[Provided records]

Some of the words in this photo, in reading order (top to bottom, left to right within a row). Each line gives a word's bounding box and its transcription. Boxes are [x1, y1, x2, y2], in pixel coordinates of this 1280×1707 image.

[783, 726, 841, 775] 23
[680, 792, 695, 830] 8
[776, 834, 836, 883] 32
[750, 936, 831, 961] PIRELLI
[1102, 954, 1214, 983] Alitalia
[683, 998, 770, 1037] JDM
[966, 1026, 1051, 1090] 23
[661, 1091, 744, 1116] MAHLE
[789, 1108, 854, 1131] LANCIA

[/Provided records]
[Provided records]

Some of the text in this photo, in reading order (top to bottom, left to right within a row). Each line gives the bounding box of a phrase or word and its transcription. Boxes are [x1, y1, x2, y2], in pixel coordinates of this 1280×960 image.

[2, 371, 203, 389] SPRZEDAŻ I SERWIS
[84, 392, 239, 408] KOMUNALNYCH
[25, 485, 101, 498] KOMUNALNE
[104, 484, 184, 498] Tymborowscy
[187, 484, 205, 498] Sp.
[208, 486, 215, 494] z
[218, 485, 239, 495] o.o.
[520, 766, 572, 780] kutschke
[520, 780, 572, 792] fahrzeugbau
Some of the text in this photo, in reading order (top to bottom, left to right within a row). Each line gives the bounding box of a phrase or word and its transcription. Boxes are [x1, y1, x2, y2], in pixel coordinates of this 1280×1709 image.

[/Provided records]
[Provided records]

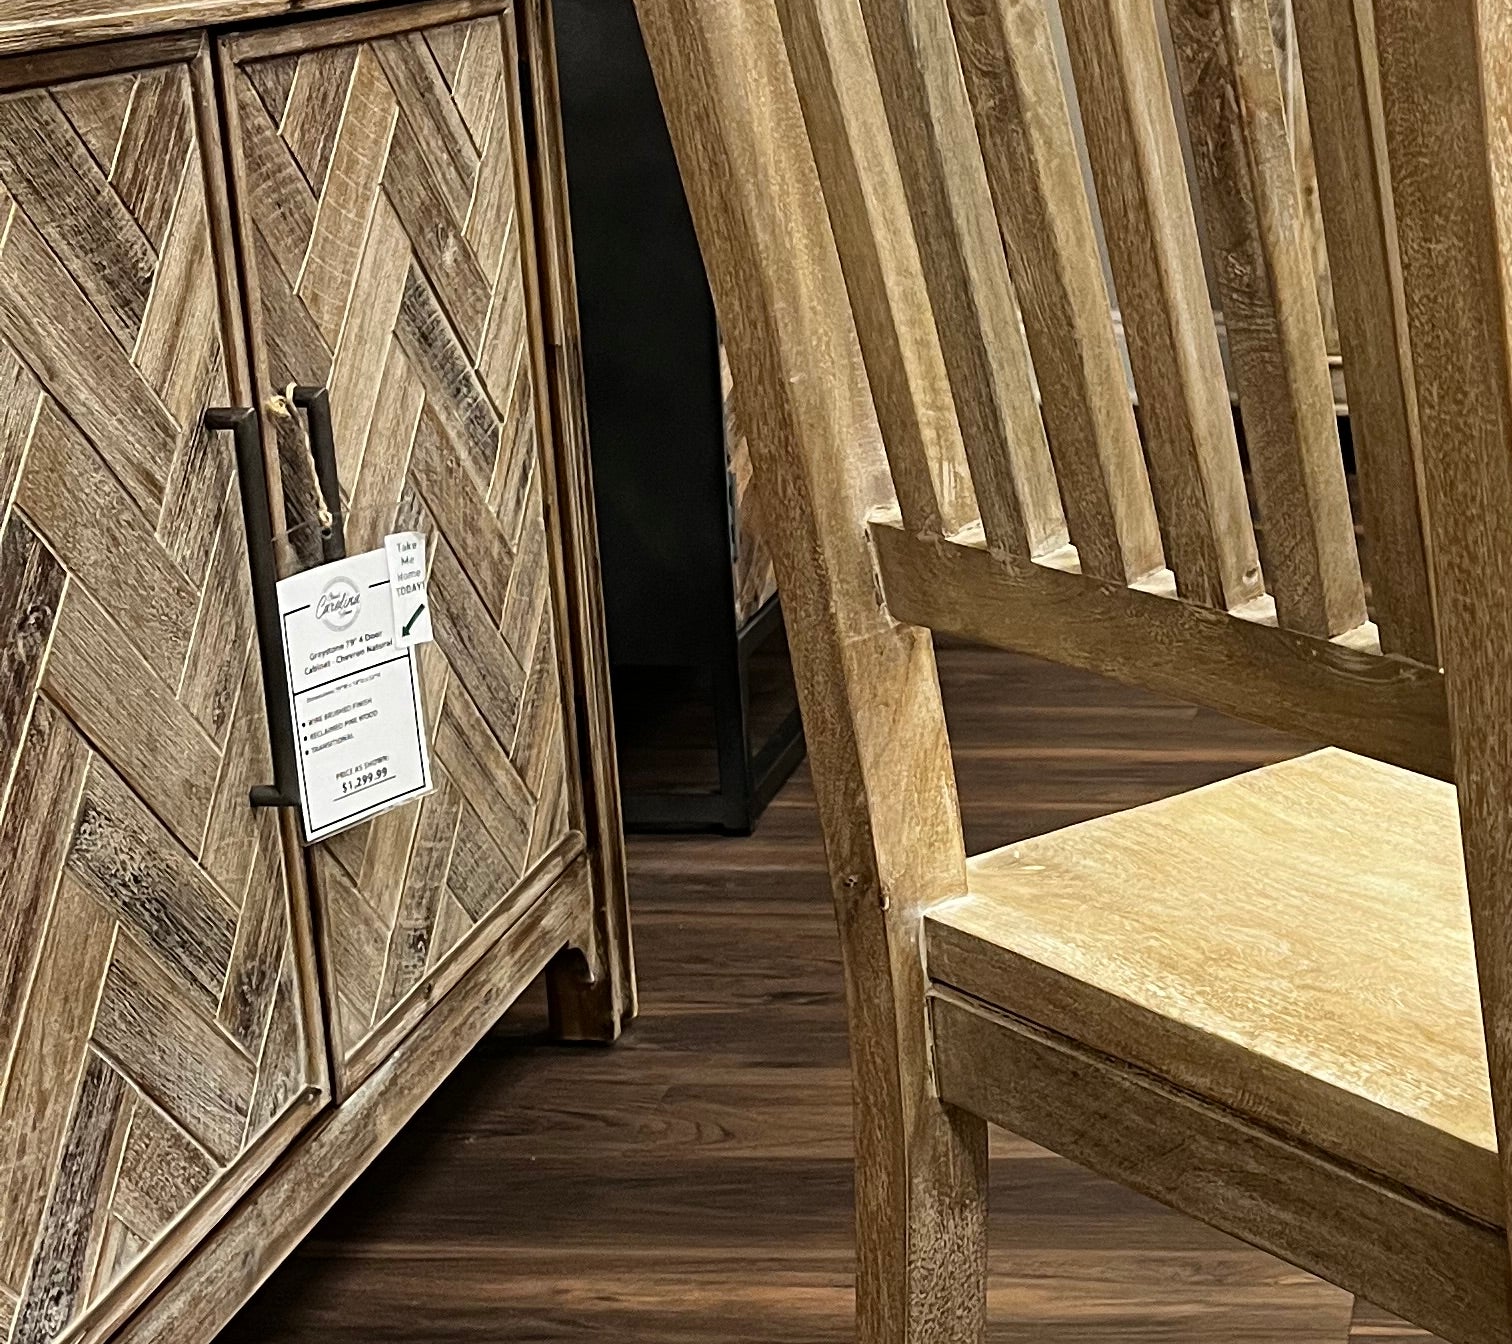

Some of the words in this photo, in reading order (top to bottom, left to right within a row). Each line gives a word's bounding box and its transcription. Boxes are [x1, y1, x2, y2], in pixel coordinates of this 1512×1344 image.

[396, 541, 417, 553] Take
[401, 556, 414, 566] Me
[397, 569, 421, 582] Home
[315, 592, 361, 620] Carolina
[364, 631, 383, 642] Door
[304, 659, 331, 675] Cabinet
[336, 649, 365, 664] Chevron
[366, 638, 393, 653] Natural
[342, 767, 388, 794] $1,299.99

[/Provided records]

What is required: Set down again, word for word, the stretch of records from the line with "this 1280×960 image." to the line with "this 1280×1709 image.", both of those lines included.

Written reply:
Some of the text in this photo, in reading order (top to bottom, left to right within a row). Each line gives the bounding box of a phrase or word and its transcription. Boxes are [x1, y1, x2, y2], in pixel coordinates of this 1280×960 image.

[2, 371, 203, 389] SPRZEDAŻ I SERWIS
[84, 392, 239, 408] KOMUNALNYCH
[25, 485, 101, 498] KOMUNALNE
[104, 484, 184, 498] Tymborowscy
[187, 484, 205, 498] Sp.
[208, 486, 215, 494] z
[218, 485, 239, 495] o.o.
[520, 766, 572, 780] kutschke
[520, 780, 572, 792] fahrzeugbau
Some of the text in this photo, in reading order (top to bottom, left to right within a row). Each line gives the bounding box of a phrase or word and its transcription. Boxes are [x1, y1, x2, y2], in pixel coordinates of this 1280×1709 image.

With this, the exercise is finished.